Job Bank
- Headquarters: Gatineau, {{{location_country}}}
- Industry: Recruitment
- Products: Job search engine
- Website: www.jobbank.gc.ca

= Canadian Job Bank =

Employment website

The Job Bank is an employment website operated by Employment and Social Development Canada. It provides an online database of job listings in Canada, as well as other employment services and information for recruiters and job seekers, including career planning, resume creation, job matching, and notifications. There is also a mobile app that can be downloaded for free on the Apple App Store and the Google Play store.

Provinces under Labour Market Development Agreements with the federal government must contribute their listings to the Job Bank.

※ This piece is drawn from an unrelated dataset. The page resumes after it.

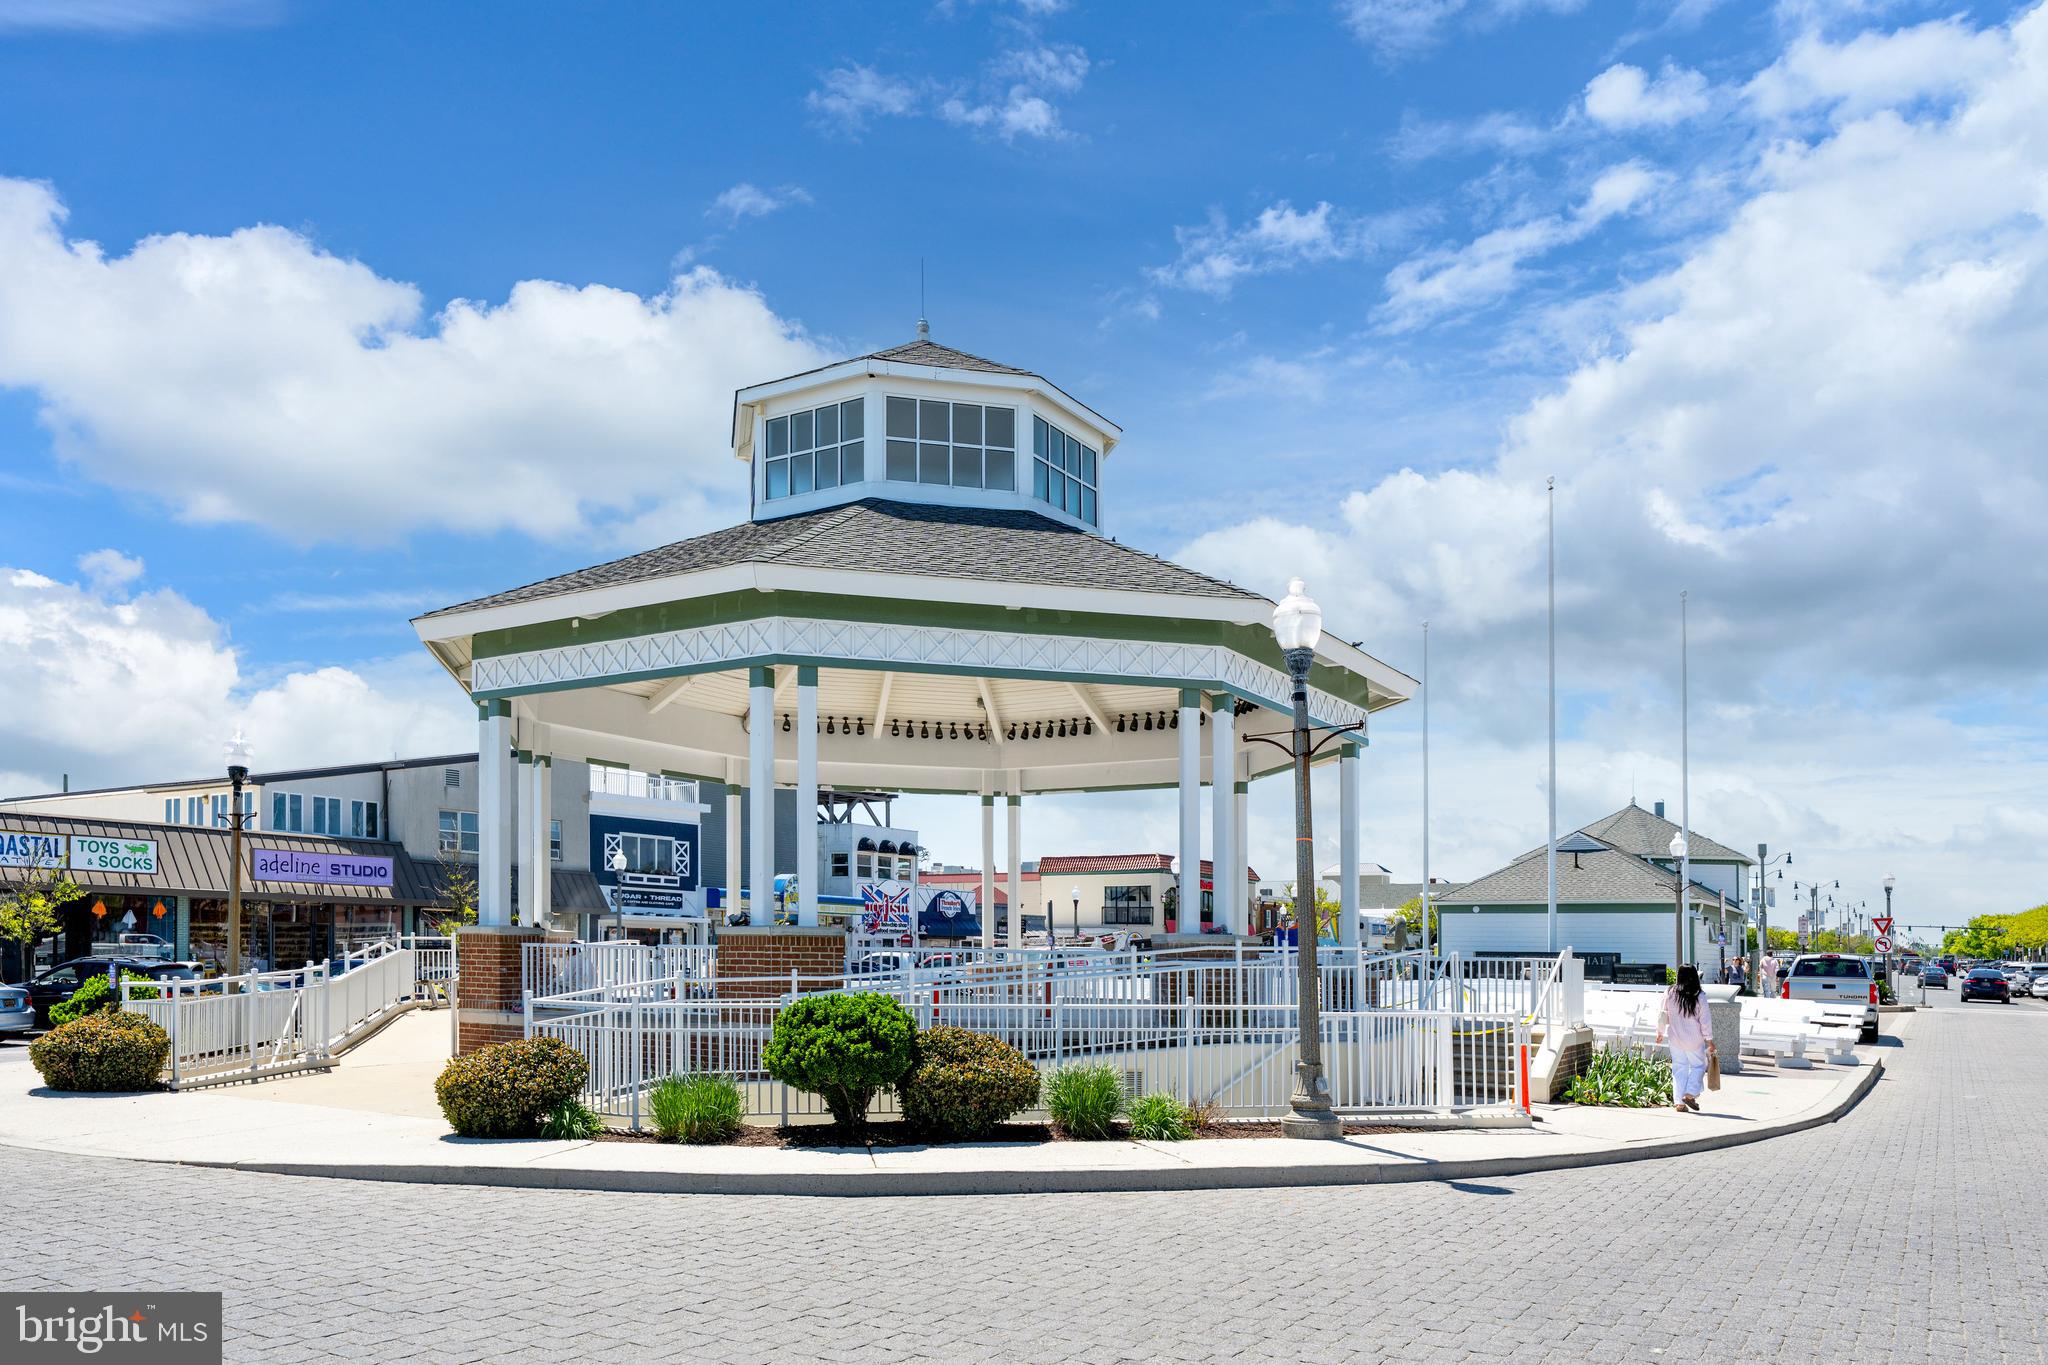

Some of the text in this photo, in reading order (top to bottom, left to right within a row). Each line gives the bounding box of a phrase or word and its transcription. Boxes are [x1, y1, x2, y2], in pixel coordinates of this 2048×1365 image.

In 2018, Saskatchewan announced that it would discontinue its own provincial job search engine, SaskJobs, on May 1, 2018 in favor of the Job Bank, to provide "enhanced" services for its users. This came after the Brad Wall government made cuts to employment and work readiness programs in the 2017-18 provincial budget. Users criticized the Job Bank's design and functionality, and lamented the lack of features such as finer geographical regions and unrestricted options for job titles over SaskJobs, and the account system requiring finer personal information (including a social insurance number). In May 2018, the province chose to delay the full shutdown of SaskJobs for six additional months. The following year, SaskJobs was given $430,000 in funding in the 2019-20 provincial budget, with minister of immigration and career training Jeremy Harrison stating that maintaining SaskJobs alongside the Job Bank would provide residents "with the right balance in functionality and service to grow their careers and to grow our economy".

==Employers==
An employer can post a job on the Canadian Job Bank, obtain information about hiring international workers and various human resources issues, learn about permit and licensing matters, and obtain information about various incentive programmes.

==Employees==
Anyone can find general information about how to look for a job, how occupations are described in Canada, how to make a successful attempt to obtain a job, alternatives to employment, employment and work standards, requirements for working in Canada, and advice for specific categories of people.

==Career exploration==
A visitor can explore careers by occupation, wages and outlook, education programme, or skills and knowledge. If the visitor searches by occupation then the site provides a list of jobs from the Canadian Job Bank accompanied by median income for the geographical region, where available, and other information. The wages and outlooks option lists one of these kinds of information for either an occupation or a location. If the visitor selects education programme then the site will attempt to identify a programme based on key words input by the visitor. In the case of skills and knowledge the site displays how well the visitor's pattern of responses matches those of a variety of occupations.